Fed Chairman Alan Greenspan recalled that he had raised this question in a speech "just before the sentence in which I expressed concern about how will we know when we encounter irrational exuberance," according to a transcript of the meeting released by the Fed last week.
"Yes, in your AEI speech," Minehan said, referring to the December 1996 speech at an American Enterprise Institute function in which Greenspan raised the subject of irrational exuberance.
"We have not been able to address that issue because I don't think we know how to handle a problem where we have one instrument and conflicting goals," Greenspan said at the August 1997 FOMC meeting.
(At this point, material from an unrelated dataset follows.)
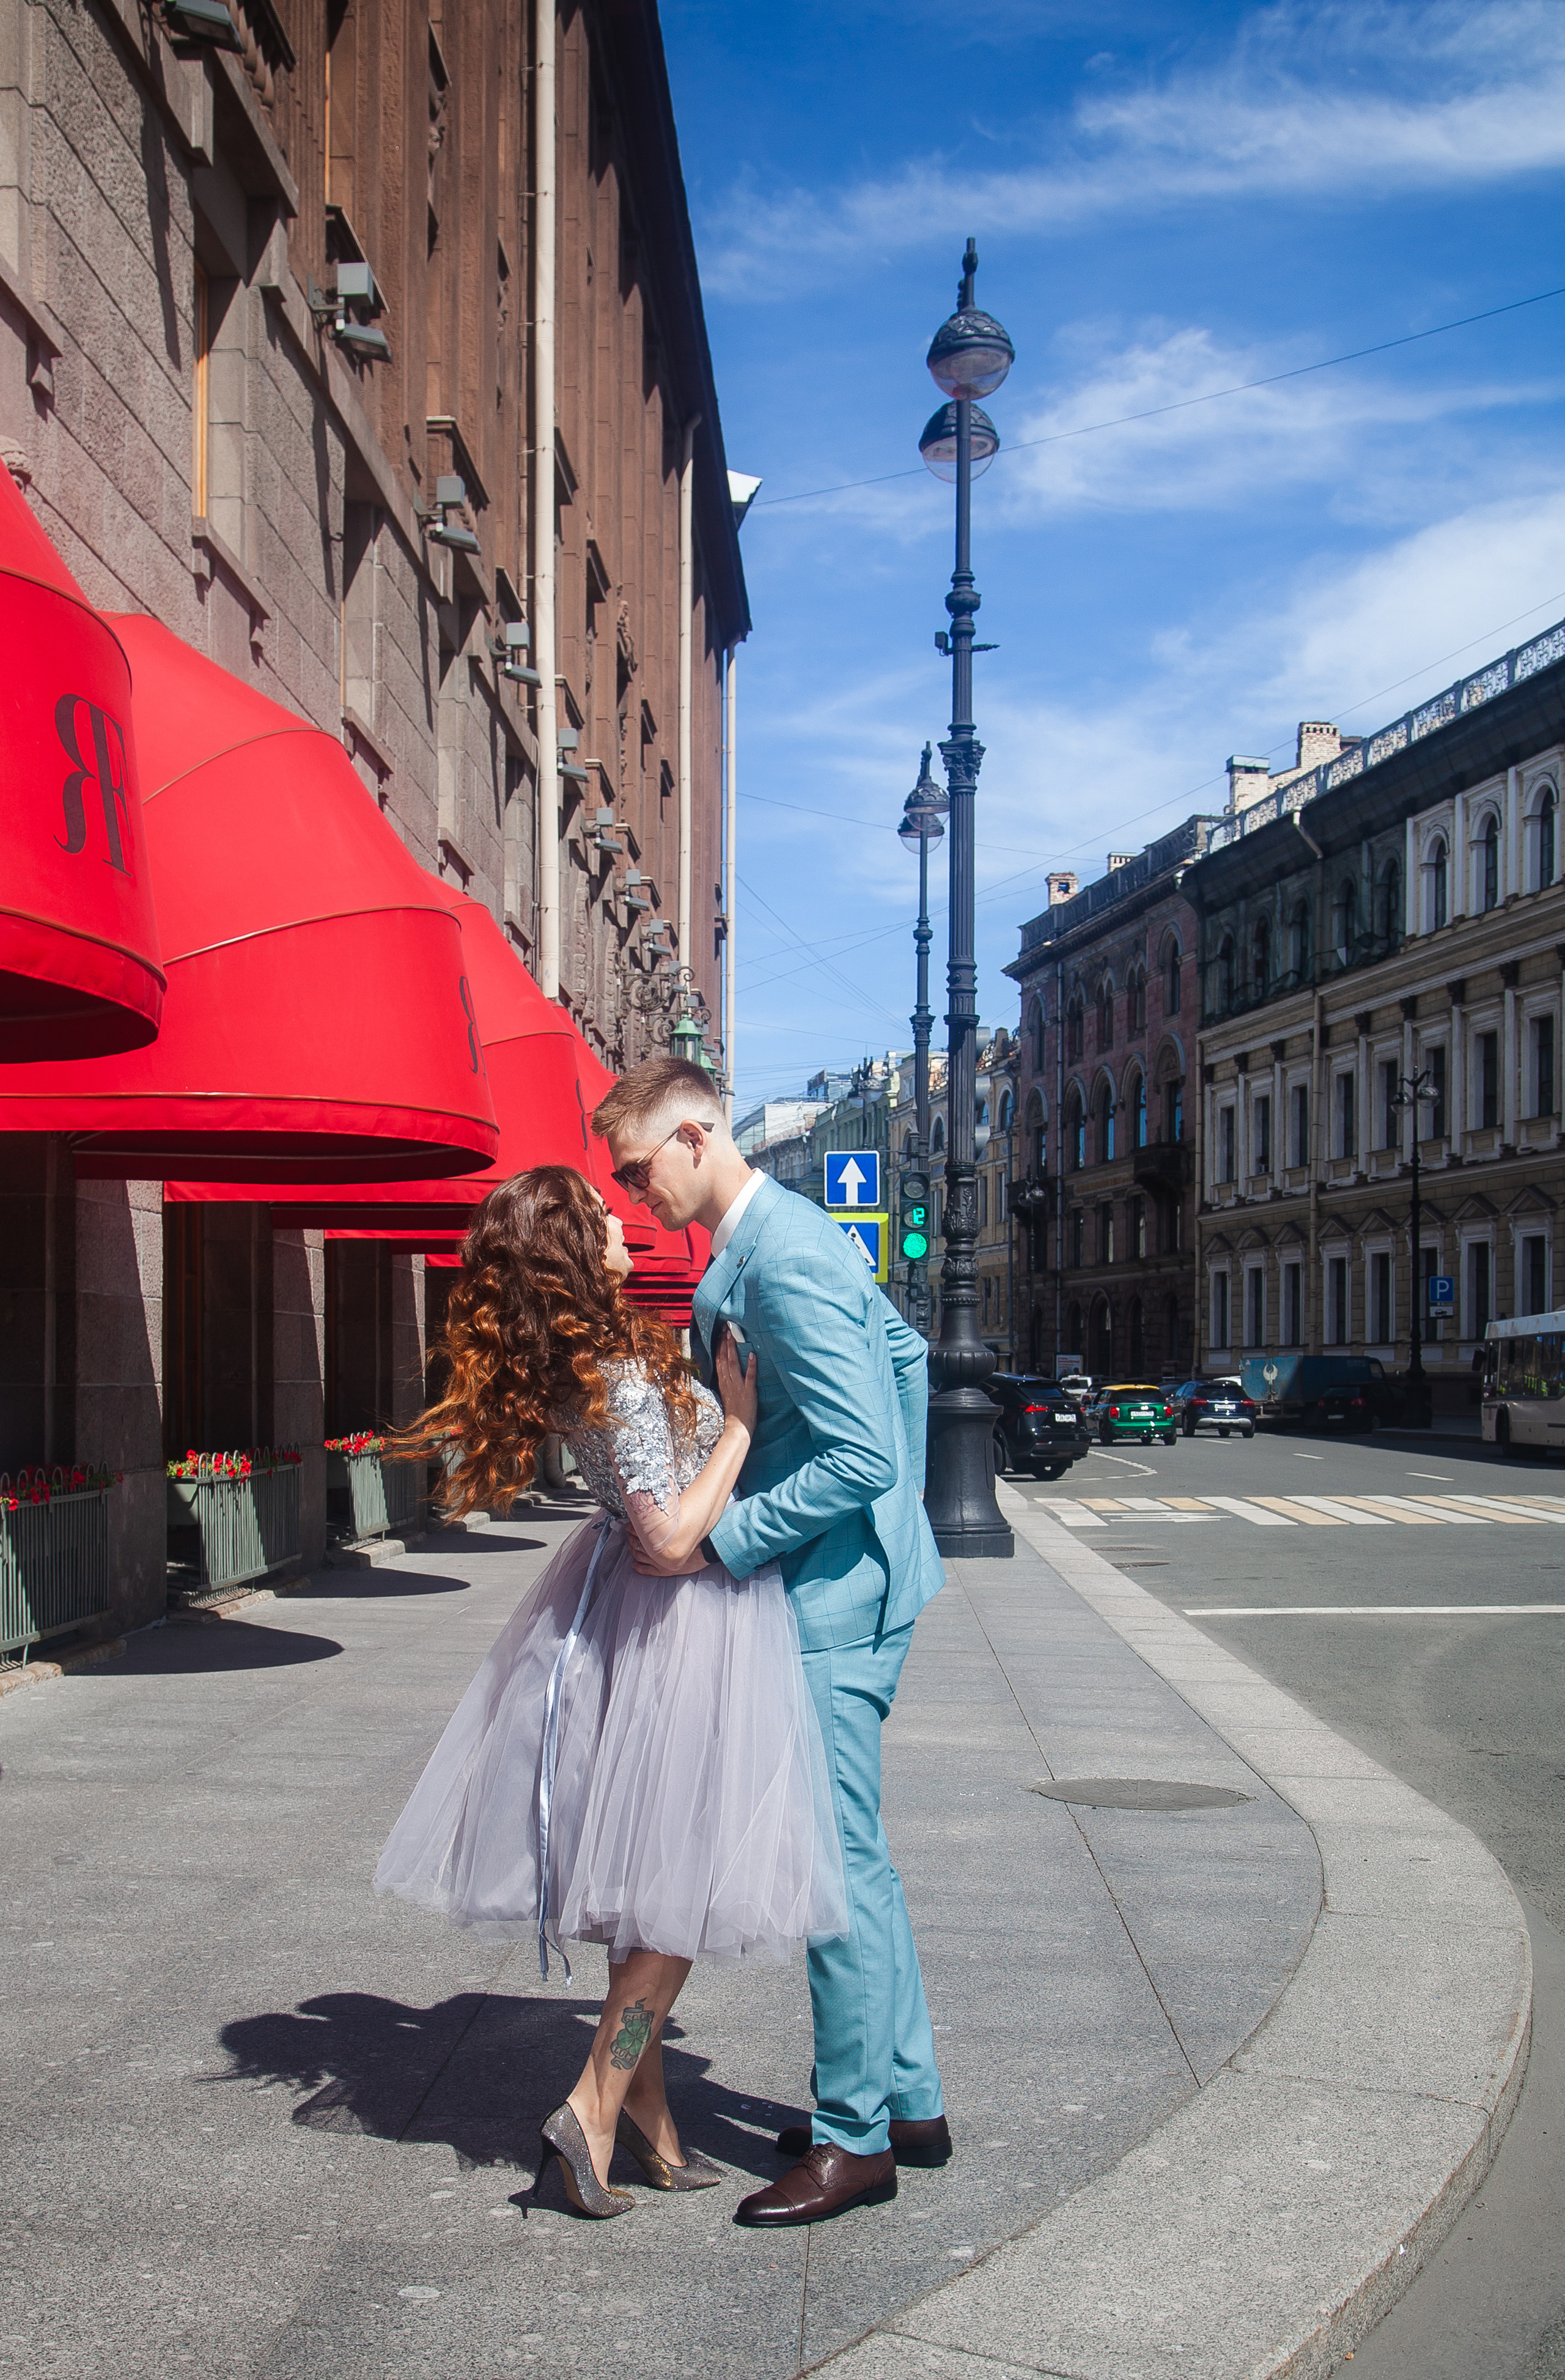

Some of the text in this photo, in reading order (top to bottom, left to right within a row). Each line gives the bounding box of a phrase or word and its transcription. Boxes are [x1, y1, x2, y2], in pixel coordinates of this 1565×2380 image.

"What do we do?" the Fed chairman asked. "What should the Japanese have done when confronted with a very benign product price environment and rapidly escalating asset prices?" Minehan responded: "Hindsight tells us to prick the bubble sooner, but how does foresight tell us we have a bubble?" To which Greenspan said: "That was the context of that (AEI) speech, and the state of my knowledge, at least, has not gone beyond that.
"I do not know what to do," the Fed chairman added.
"It had some success," Minehan said in an apparent reference to Greenspan's AEI speech.
"Temporarily," Greenspan remarked.
Minehan raised the subject of booming asset prices right after an exchange between Greenspan and St. Louis Federal Reserve Bank President Thomas Melzer, who had said, "I worry a little about whether there will be a defensible rationale that will permit us to act before inflation actually starts to rise.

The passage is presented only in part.